* _AIM OF THE EXERCISE_
The whole listing, except its pictures, is to be repeated exactly.

* * * * * * * * *

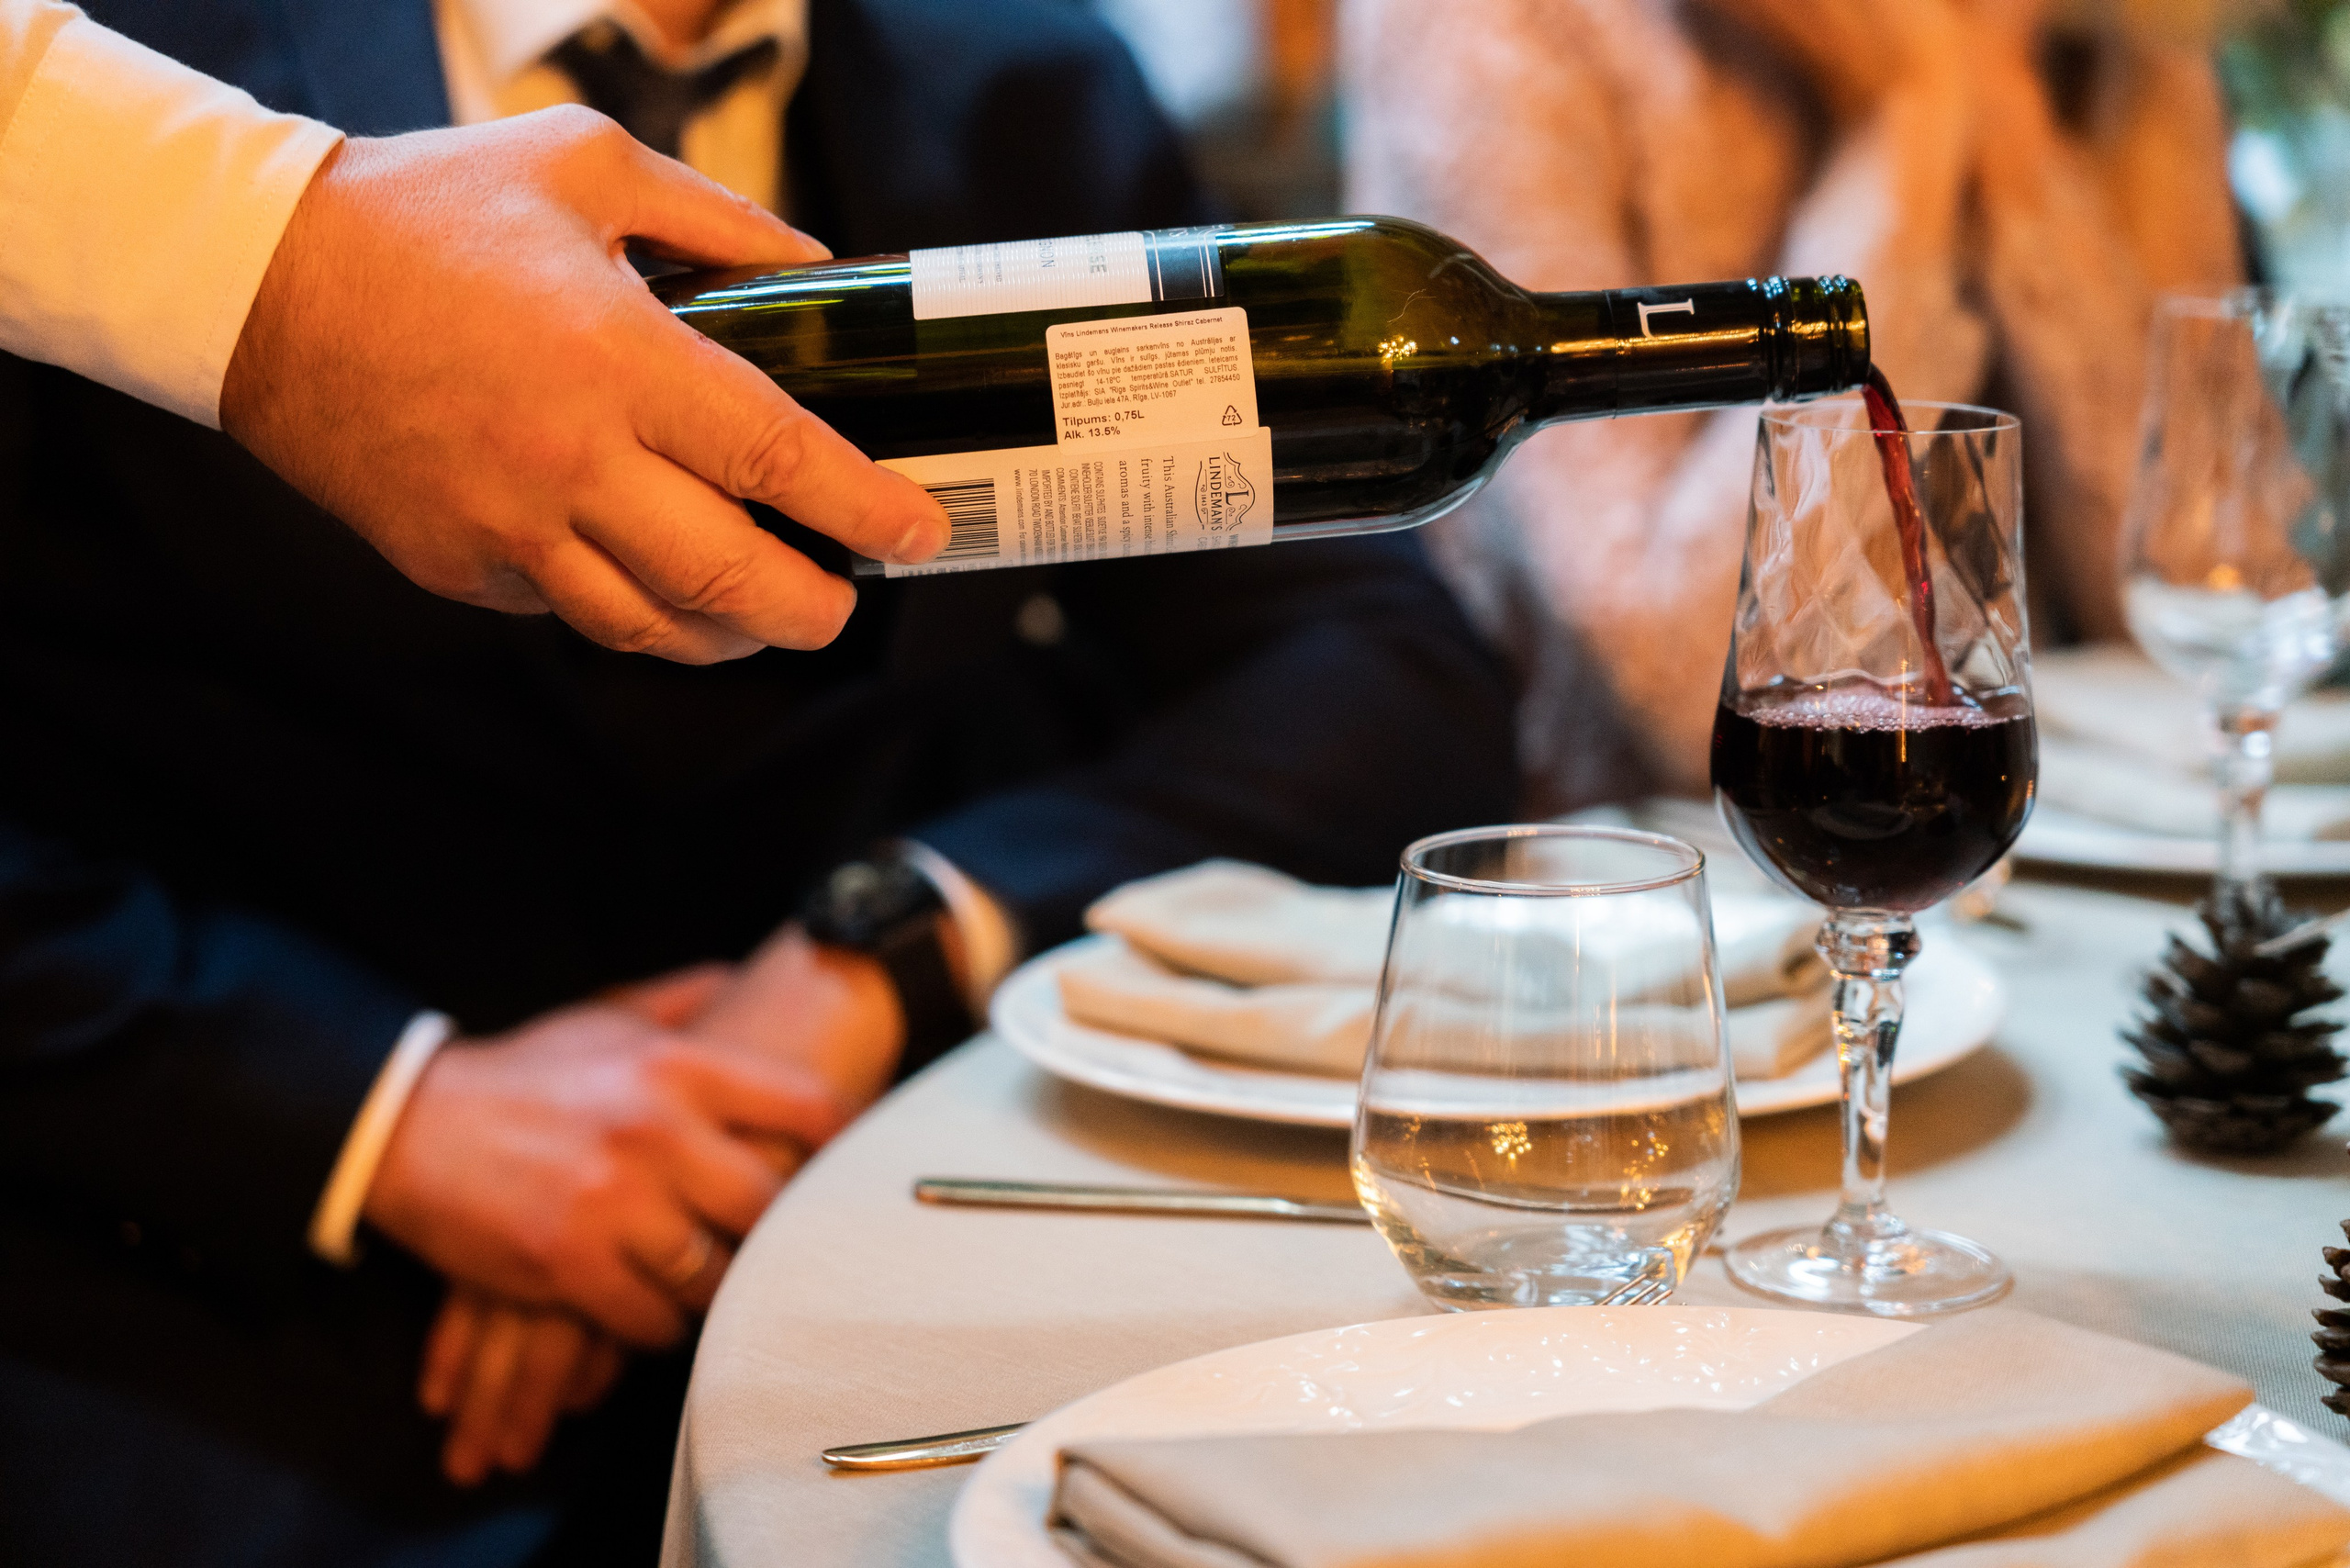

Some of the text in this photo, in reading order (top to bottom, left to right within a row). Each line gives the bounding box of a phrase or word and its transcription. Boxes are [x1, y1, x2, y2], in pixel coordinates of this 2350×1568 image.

[1076, 328, 1109, 336] Lindemans
[1110, 324, 1147, 333] Winemakers
[1195, 316, 1223, 324] Cabernet
[1637, 298, 1695, 340] L
[1057, 361, 1081, 369] klasisku
[1057, 370, 1085, 379] Izbaudiet
[1112, 366, 1122, 375] pie
[1155, 362, 1175, 370] pastas
[1208, 354, 1238, 364] Ieteicams
[1058, 380, 1085, 390] pasniegt
[1116, 395, 1132, 403] 47A,
[1150, 389, 1177, 399] LV-1067
[1129, 381, 1169, 392] Spirits&Wine
[1062, 409, 1145, 428] Tilpums: 0,75L
[1064, 426, 1121, 440] Alk. 13.5%
[1094, 462, 1104, 488] CONTAINS
[1119, 461, 1129, 498] aromas
[1139, 459, 1153, 488] fruity
[1163, 456, 1175, 481] This
[1030, 477, 1040, 501] LONDON
[1042, 470, 1052, 498] IMPORTED
[1069, 469, 1080, 494] CONTIENE
[1014, 469, 1024, 530] www.lindemans.com
[1096, 489, 1105, 513] SULPHITES
[1143, 492, 1155, 512] with
[1209, 457, 1222, 531] LINDEMAN'S
[1225, 490, 1248, 505] L
[1032, 503, 1041, 517] ROAD
[1045, 509, 1054, 519] AND
[1058, 504, 1067, 524] Attention
[1122, 501, 1134, 517] and
[1165, 485, 1177, 528] Australian
[1120, 527, 1133, 543] spicy
[1145, 515, 1154, 539] intense

* * * * * * * * *

* _TASK RESULT_
Some of the text in this photo, in reading order (top to bottom, left to right within a row). Each line gives the bounding box of a phrase or word and its transcription. Boxes are [x1, y1, x2, y2], in pixel coordinates of this 2350×1568 image.

[1076, 328, 1109, 336] Lindemans
[1110, 324, 1147, 333] Winemakers
[1195, 316, 1223, 324] Cabernet
[1637, 298, 1695, 340] L
[1057, 361, 1081, 369] klasisku
[1057, 370, 1085, 379] Izbaudiet
[1112, 366, 1122, 375] pie
[1155, 362, 1175, 370] pastas
[1208, 354, 1238, 364] Ieteicams
[1058, 380, 1085, 390] pasniegt
[1116, 395, 1132, 403] 47A,
[1150, 389, 1177, 399] LV-1067
[1129, 381, 1169, 392] Spirits&Wine
[1062, 409, 1145, 428] Tilpums: 0,75L
[1064, 426, 1121, 440] Alk. 13.5%
[1094, 462, 1104, 488] CONTAINS
[1119, 461, 1129, 498] aromas
[1139, 459, 1153, 488] fruity
[1163, 456, 1175, 481] This
[1030, 477, 1040, 501] LONDON
[1042, 470, 1052, 498] IMPORTED
[1069, 469, 1080, 494] CONTIENE
[1014, 469, 1024, 530] www.lindemans.com
[1096, 489, 1105, 513] SULPHITES
[1143, 492, 1155, 512] with
[1209, 457, 1222, 531] LINDEMAN'S
[1225, 490, 1248, 505] L
[1032, 503, 1041, 517] ROAD
[1045, 509, 1054, 519] AND
[1058, 504, 1067, 524] Attention
[1122, 501, 1134, 517] and
[1165, 485, 1177, 528] Australian
[1120, 527, 1133, 543] spicy
[1145, 515, 1154, 539] intense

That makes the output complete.